WHAT TO WORK ON
Pictures aside, repeat all the entries below exactly as they appear.

+++++

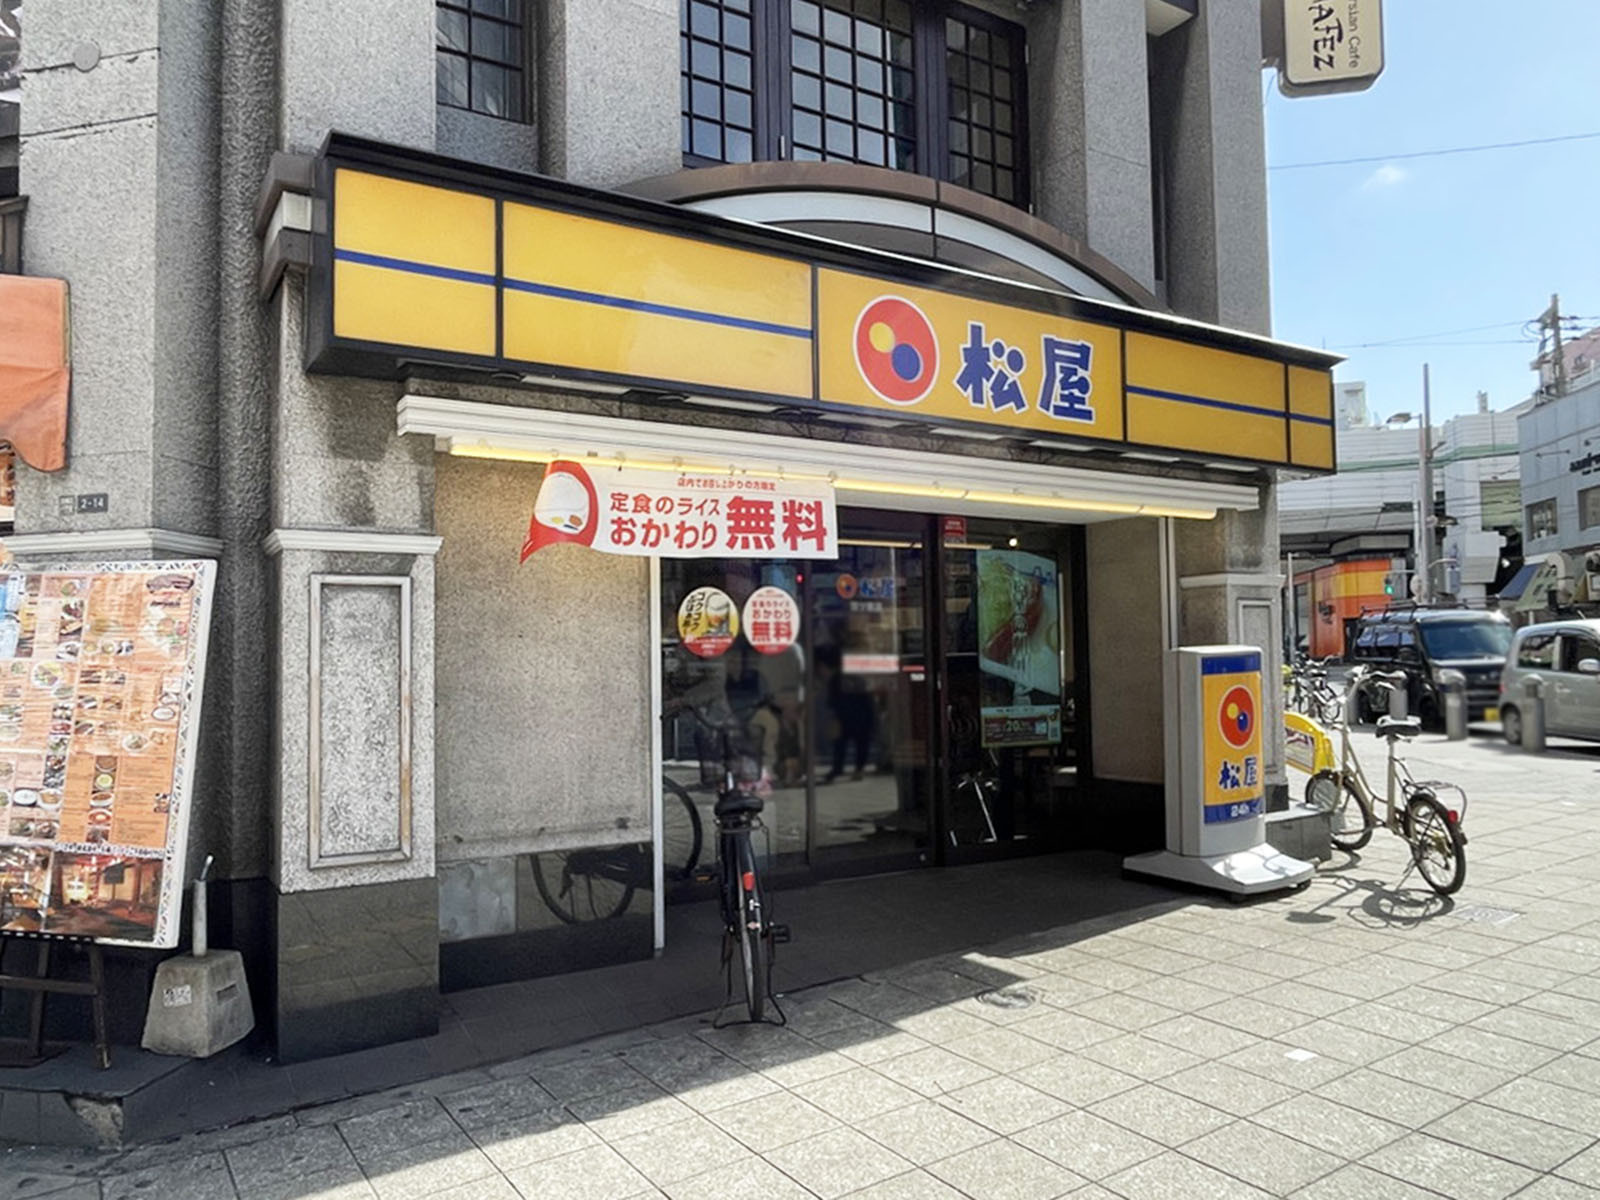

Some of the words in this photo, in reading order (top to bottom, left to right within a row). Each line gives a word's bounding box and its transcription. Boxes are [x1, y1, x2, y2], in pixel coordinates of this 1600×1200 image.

[1308, 0, 1344, 71] AFEZ
[953, 321, 1096, 424] 松屋
[80, 497, 105, 509] 2-14
[609, 491, 720, 517] 定食のライス
[609, 516, 719, 549] おかわり
[726, 495, 828, 552] 無料
[751, 621, 792, 642] 無料
[1219, 757, 1257, 789] 松屋

+++++

RESPONSE TO THIS EXERCISE
Some of the words in this photo, in reading order (top to bottom, left to right within a row). Each line gives a word's bounding box and its transcription. Boxes are [x1, y1, x2, y2], in pixel coordinates of this 1600×1200 image.

[1308, 0, 1344, 71] AFEZ
[953, 321, 1096, 424] 松屋
[80, 497, 105, 509] 2-14
[609, 491, 720, 517] 定食のライス
[609, 516, 719, 549] おかわり
[726, 495, 828, 552] 無料
[751, 621, 792, 642] 無料
[1219, 757, 1257, 789] 松屋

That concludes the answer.